=== Begin Enclosure ===
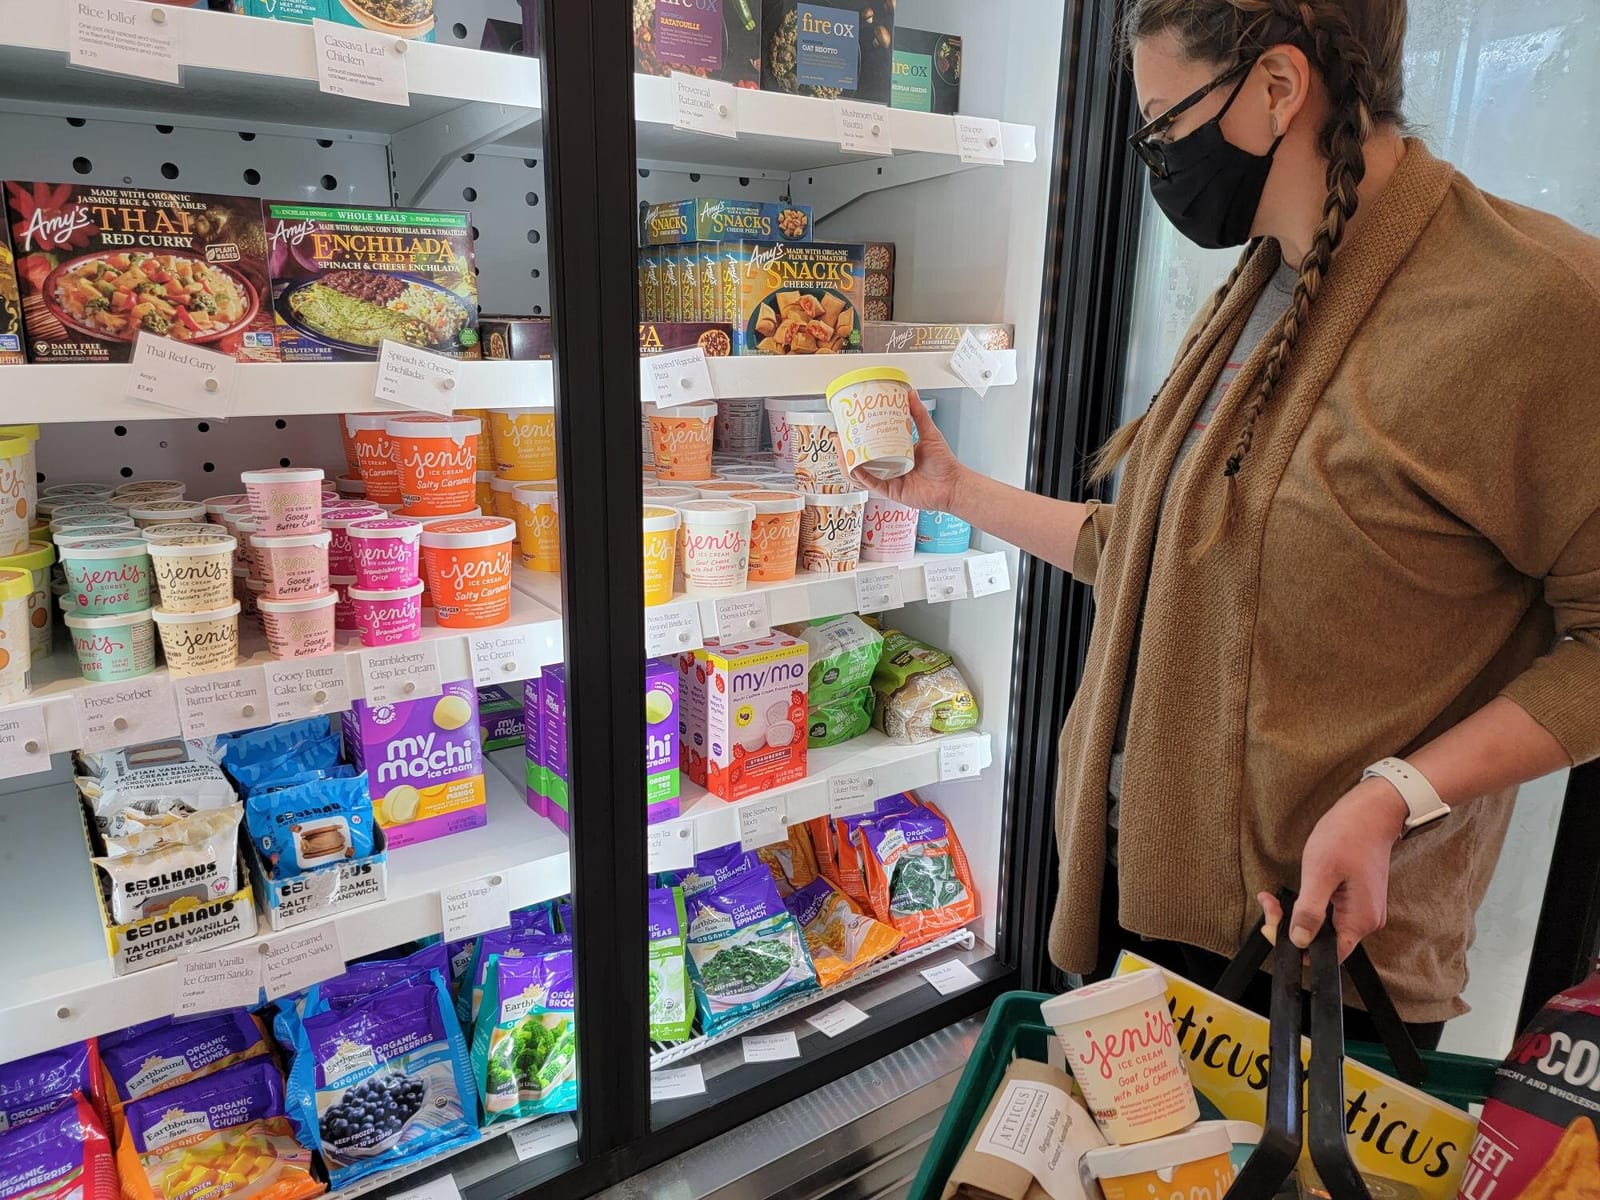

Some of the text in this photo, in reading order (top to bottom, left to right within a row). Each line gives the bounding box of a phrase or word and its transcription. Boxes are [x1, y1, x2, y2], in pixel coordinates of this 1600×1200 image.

[78, 3, 136, 25] Rice Jollof
[660, 17, 701, 31] RATATOUILLE
[802, 12, 855, 38] fire ox
[324, 34, 385, 57] Cassava Leaf
[326, 50, 365, 67] Chicken
[911, 66, 928, 77] ox
[678, 95, 715, 111] Ratatouille
[77, 195, 207, 210] JASMINE RICE VEGETABLES
[91, 188, 191, 202] MADE WITH ORGANIC
[92, 206, 194, 235] THAI
[337, 211, 406, 223] WHOLE MEALS
[700, 201, 726, 223] Amy's
[20, 205, 91, 251] Amy's
[269, 218, 316, 249] Amy's
[650, 215, 688, 238] SNACKS
[713, 213, 772, 236] SNACKS
[101, 233, 193, 248] RED CURRY
[311, 233, 456, 263] ENCHILADA
[318, 261, 460, 273] SPINACH CHEESE ENCHILADA
[745, 242, 785, 278] Amy's
[766, 261, 854, 290] SNACKS
[783, 280, 838, 289] CHEESE PIZZA
[885, 327, 915, 353] Amy's
[915, 326, 962, 346] PIZZA
[80, 343, 102, 351] FREE
[145, 343, 216, 373] Thai Red Curry
[387, 350, 455, 376] Spinach Cheese
[386, 362, 425, 382] Enchiladas
[404, 445, 477, 478] jeni's
[417, 475, 472, 491] Salty Caramel
[683, 529, 747, 560] jeni's
[354, 544, 412, 567] jeni's
[76, 564, 146, 592] jeni's
[161, 561, 229, 588] jeni's
[441, 551, 512, 590] jeni's
[482, 577, 503, 585] CREAM
[94, 588, 130, 606] Frosé
[455, 591, 479, 602] Salty
[364, 603, 420, 628] jeni's
[475, 633, 526, 652] Salty Caramel
[368, 651, 425, 670] Brambleberry
[489, 648, 515, 661] Cream
[272, 665, 335, 684] Gooey Butter
[369, 662, 435, 681] Crisp Ice Cream
[184, 678, 243, 695] Salted Peanut
[273, 676, 344, 697] Cake Ice Cream
[83, 688, 153, 709] Frose Sorbet
[186, 687, 257, 708] Butter Ice Cream
[387, 732, 435, 761] my
[378, 740, 473, 783] mochi
[750, 750, 785, 765] STRAWBERRY
[427, 763, 473, 779] ice cream
[906, 825, 933, 837] ORGANIC
[125, 862, 218, 893] COOLHAUS
[714, 866, 729, 876] CUT
[717, 864, 748, 883] ORGANIC
[126, 872, 218, 899] AWESOME CREAM
[732, 904, 746, 914] CUT
[734, 902, 767, 920] ORGANIC
[736, 910, 767, 928] SPINACH
[126, 900, 235, 942] COOLHAUS
[124, 915, 239, 955] TAHITIAN VANILLA
[126, 923, 241, 964] ICE CREAM SANDWICH
[290, 934, 323, 952] Caramel
[651, 928, 672, 938] PEAS
[696, 930, 731, 943] ORGANIC
[184, 956, 245, 973] Tahitian Vanilla
[282, 942, 333, 968] Cream Sando
[198, 967, 253, 984] Cream Sando
[186, 1034, 228, 1056] ORGANIC
[375, 1032, 417, 1053] ORGANIC
[378, 1034, 433, 1062] BLUEBERRIES
[1079, 1011, 1174, 1080] jeni's
[189, 1044, 224, 1064] MANGO
[193, 1048, 231, 1069] CHUNKS
[326, 1050, 373, 1073] Earthbound
[1117, 1048, 1164, 1071] ICE CREAM
[129, 1059, 185, 1091] Earthbound
[151, 1073, 168, 1085] Farm
[332, 1067, 374, 1089] ORGANIC
[1118, 1060, 1168, 1087] Goat Cheese
[1113, 1066, 1180, 1104] with Red Cherries
[1526, 1078, 1548, 1091] AND
[10, 1101, 58, 1122] ORGANIC
[209, 1096, 253, 1114] ORGANIC
[211, 1107, 248, 1121] MANGO
[213, 1114, 250, 1129] CHUNKS
[1000, 1091, 1030, 1142] ATTICUS
[146, 1115, 206, 1142] Earthbound
[169, 1128, 187, 1139] Farm
[333, 1128, 375, 1145] KEEP FROZEN
[155, 1133, 204, 1155] ORGANIC
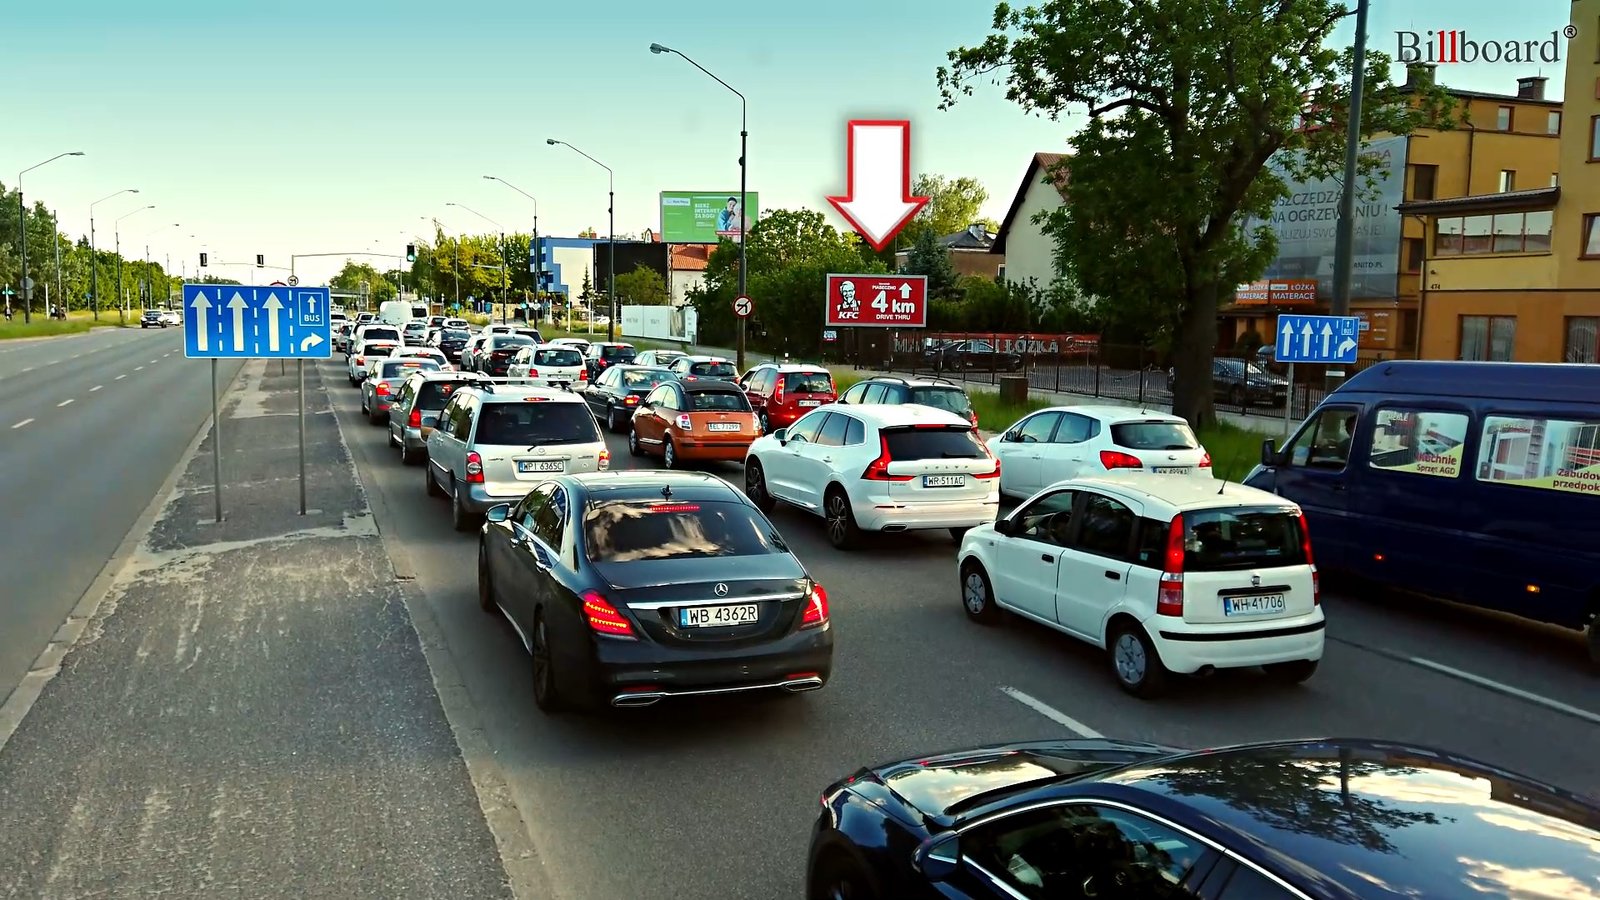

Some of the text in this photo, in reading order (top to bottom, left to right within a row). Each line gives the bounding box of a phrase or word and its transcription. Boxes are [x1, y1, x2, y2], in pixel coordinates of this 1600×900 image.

[1272, 292, 1315, 300] MATERACE
[871, 290, 915, 313] 4 km
[304, 314, 320, 322] BUS
[1439, 466, 1456, 475] AGD
[928, 475, 963, 485] WR 511AC
[1232, 596, 1283, 612] WH 41706
[689, 606, 756, 624] WB 4362R
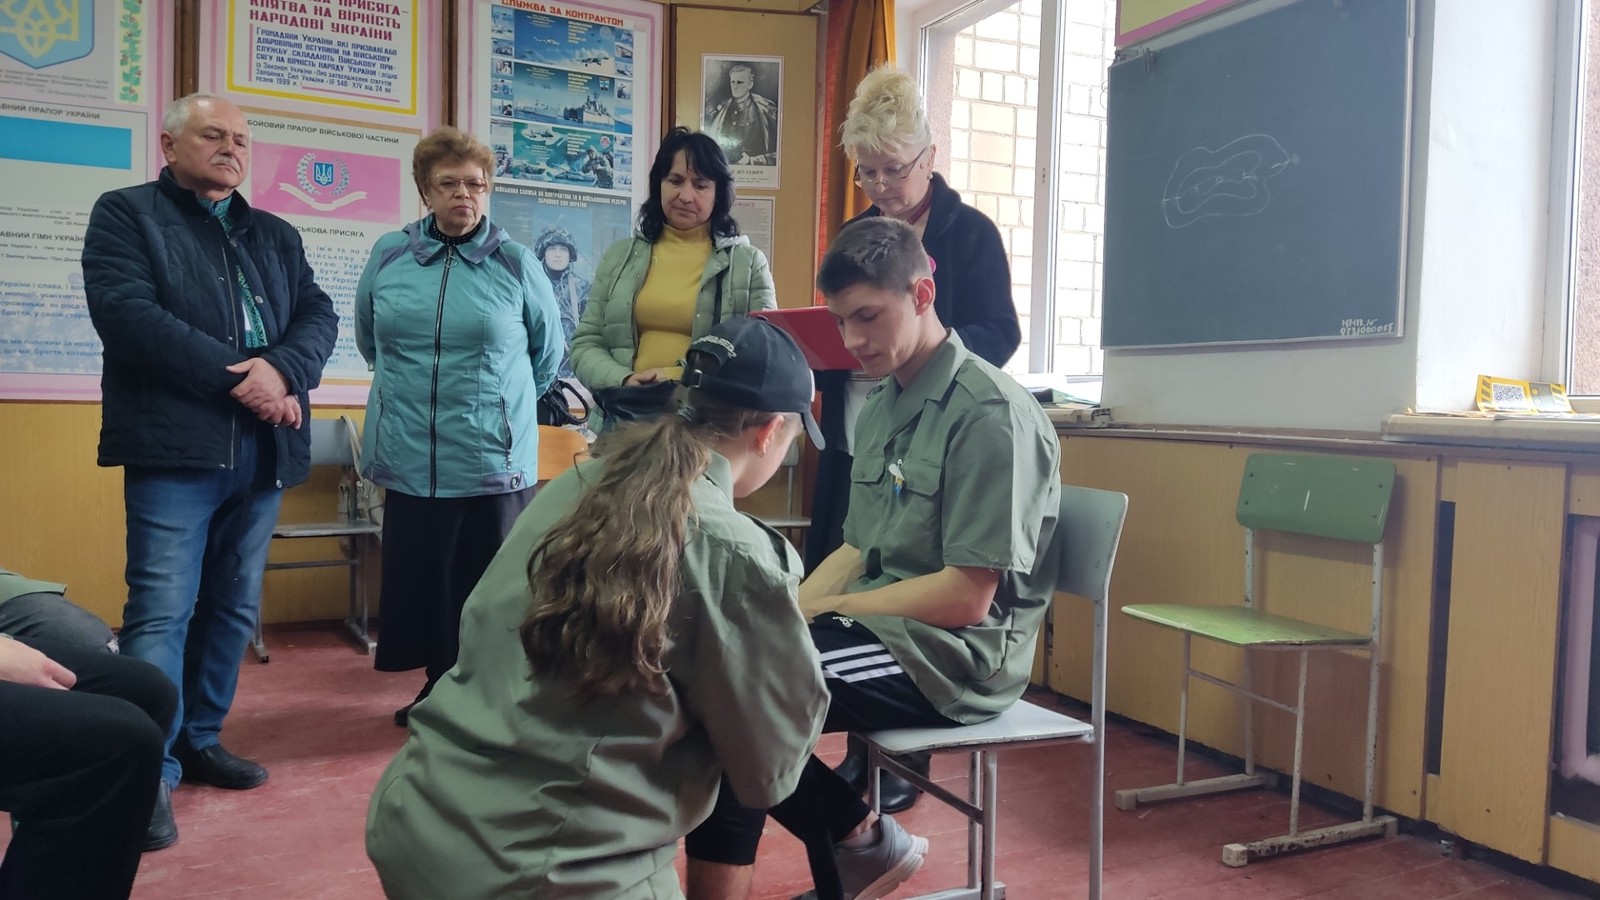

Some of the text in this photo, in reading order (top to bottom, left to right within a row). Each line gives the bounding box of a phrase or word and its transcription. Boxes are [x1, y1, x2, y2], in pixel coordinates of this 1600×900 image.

[250, 0, 401, 30] КЛЯТВА НА ВІРНІСТЬ
[501, 0, 546, 12] СЛУЖБА
[550, 6, 562, 15] ЗА
[565, 9, 624, 27] КОНТРАКТОМ
[250, 9, 392, 41] НАРОДОВІ УКРАЇНИ
[256, 37, 391, 63] ДОБРОВІЛЬНО ВСТУПИЛИ НА ВІЙСЬКОВУ
[384, 47, 397, 56] АБО
[292, 50, 335, 63] СКЛАДАЮТЬ
[256, 53, 273, 62] СЯГУ
[276, 55, 285, 63] НА
[318, 62, 344, 72] НАРОДУ
[348, 65, 377, 76] УКРАЇНИ
[276, 77, 291, 86] 1999
[0, 103, 100, 120] ВНИЙ ПРАПОР УКРАЇНИ
[247, 118, 400, 145] БОЙОВИЙ ПРАПОР ВІЙСЬКОВОЇ ЧАСТИНИ
[54, 235, 85, 243] УКРАЇН
[329, 229, 365, 238] ПРИСЯГА
[307, 253, 354, 262] військову
[332, 276, 357, 284] Україн
[321, 284, 357, 292] торіальн
[328, 291, 356, 299] сумлін
=== End Enclosure ===
▸ EXERCISE DESCRIPTION
Could you print all the entries exactly as they stand, with the pictures left out?

▸ ANSWER SECTION
Some of the text in this photo, in reading order (top to bottom, left to right within a row). Each line gives the bounding box of a phrase or word and its transcription. Boxes are [x1, y1, x2, y2], in pixel coordinates of this 1600×1200 image.

[78, 3, 136, 25] Rice Jollof
[660, 17, 701, 31] RATATOUILLE
[802, 12, 855, 38] fire ox
[324, 34, 385, 57] Cassava Leaf
[326, 50, 365, 67] Chicken
[911, 66, 928, 77] ox
[678, 95, 715, 111] Ratatouille
[77, 195, 207, 210] JASMINE RICE VEGETABLES
[91, 188, 191, 202] MADE WITH ORGANIC
[92, 206, 194, 235] THAI
[337, 211, 406, 223] WHOLE MEALS
[700, 201, 726, 223] Amy's
[20, 205, 91, 251] Amy's
[269, 218, 316, 249] Amy's
[650, 215, 688, 238] SNACKS
[713, 213, 772, 236] SNACKS
[101, 233, 193, 248] RED CURRY
[311, 233, 456, 263] ENCHILADA
[318, 261, 460, 273] SPINACH CHEESE ENCHILADA
[745, 242, 785, 278] Amy's
[766, 261, 854, 290] SNACKS
[783, 280, 838, 289] CHEESE PIZZA
[885, 327, 915, 353] Amy's
[915, 326, 962, 346] PIZZA
[80, 343, 102, 351] FREE
[145, 343, 216, 373] Thai Red Curry
[387, 350, 455, 376] Spinach Cheese
[386, 362, 425, 382] Enchiladas
[404, 445, 477, 478] jeni's
[417, 475, 472, 491] Salty Caramel
[683, 529, 747, 560] jeni's
[354, 544, 412, 567] jeni's
[76, 564, 146, 592] jeni's
[161, 561, 229, 588] jeni's
[441, 551, 512, 590] jeni's
[482, 577, 503, 585] CREAM
[94, 588, 130, 606] Frosé
[455, 591, 479, 602] Salty
[364, 603, 420, 628] jeni's
[475, 633, 526, 652] Salty Caramel
[368, 651, 425, 670] Brambleberry
[489, 648, 515, 661] Cream
[272, 665, 335, 684] Gooey Butter
[369, 662, 435, 681] Crisp Ice Cream
[184, 678, 243, 695] Salted Peanut
[273, 676, 344, 697] Cake Ice Cream
[83, 688, 153, 709] Frose Sorbet
[186, 687, 257, 708] Butter Ice Cream
[387, 732, 435, 761] my
[378, 740, 473, 783] mochi
[750, 750, 785, 765] STRAWBERRY
[427, 763, 473, 779] ice cream
[906, 825, 933, 837] ORGANIC
[125, 862, 218, 893] COOLHAUS
[714, 866, 729, 876] CUT
[717, 864, 748, 883] ORGANIC
[126, 872, 218, 899] AWESOME CREAM
[732, 904, 746, 914] CUT
[734, 902, 767, 920] ORGANIC
[736, 910, 767, 928] SPINACH
[126, 900, 235, 942] COOLHAUS
[124, 915, 239, 955] TAHITIAN VANILLA
[126, 923, 241, 964] ICE CREAM SANDWICH
[290, 934, 323, 952] Caramel
[651, 928, 672, 938] PEAS
[696, 930, 731, 943] ORGANIC
[184, 956, 245, 973] Tahitian Vanilla
[282, 942, 333, 968] Cream Sando
[198, 967, 253, 984] Cream Sando
[186, 1034, 228, 1056] ORGANIC
[375, 1032, 417, 1053] ORGANIC
[378, 1034, 433, 1062] BLUEBERRIES
[1079, 1011, 1174, 1080] jeni's
[189, 1044, 224, 1064] MANGO
[193, 1048, 231, 1069] CHUNKS
[326, 1050, 373, 1073] Earthbound
[1117, 1048, 1164, 1071] ICE CREAM
[129, 1059, 185, 1091] Earthbound
[151, 1073, 168, 1085] Farm
[332, 1067, 374, 1089] ORGANIC
[1118, 1060, 1168, 1087] Goat Cheese
[1113, 1066, 1180, 1104] with Red Cherries
[1526, 1078, 1548, 1091] AND
[10, 1101, 58, 1122] ORGANIC
[209, 1096, 253, 1114] ORGANIC
[211, 1107, 248, 1121] MANGO
[213, 1114, 250, 1129] CHUNKS
[1000, 1091, 1030, 1142] ATTICUS
[146, 1115, 206, 1142] Earthbound
[169, 1128, 187, 1139] Farm
[333, 1128, 375, 1145] KEEP FROZEN
[155, 1133, 204, 1155] ORGANIC

Some of the text in this photo, in reading order (top to bottom, left to right within a row). Each line gives the bounding box of a phrase or word and its transcription. Boxes are [x1, y1, x2, y2], in pixel coordinates of this 1600×900 image.

[1272, 292, 1315, 300] MATERACE
[871, 290, 915, 313] 4 km
[304, 314, 320, 322] BUS
[1439, 466, 1456, 475] AGD
[928, 475, 963, 485] WR 511AC
[1232, 596, 1283, 612] WH 41706
[689, 606, 756, 624] WB 4362R

Some of the text in this photo, in reading order (top to bottom, left to right within a row). Each line gives the bounding box of a phrase or word and its transcription. Boxes are [x1, y1, x2, y2], in pixel coordinates of this 1600×900 image.

[250, 0, 401, 30] КЛЯТВА НА ВІРНІСТЬ
[501, 0, 546, 12] СЛУЖБА
[550, 6, 562, 15] ЗА
[565, 9, 624, 27] КОНТРАКТОМ
[250, 9, 392, 41] НАРОДОВІ УКРАЇНИ
[256, 37, 391, 63] ДОБРОВІЛЬНО ВСТУПИЛИ НА ВІЙСЬКОВУ
[384, 47, 397, 56] АБО
[292, 50, 335, 63] СКЛАДАЮТЬ
[256, 53, 273, 62] СЯГУ
[276, 55, 285, 63] НА
[318, 62, 344, 72] НАРОДУ
[348, 65, 377, 76] УКРАЇНИ
[276, 77, 291, 86] 1999
[0, 103, 100, 120] ВНИЙ ПРАПОР УКРАЇНИ
[247, 118, 400, 145] БОЙОВИЙ ПРАПОР ВІЙСЬКОВОЇ ЧАСТИНИ
[54, 235, 85, 243] УКРАЇН
[329, 229, 365, 238] ПРИСЯГА
[307, 253, 354, 262] військову
[332, 276, 357, 284] Україн
[321, 284, 357, 292] торіальн
[328, 291, 356, 299] сумлін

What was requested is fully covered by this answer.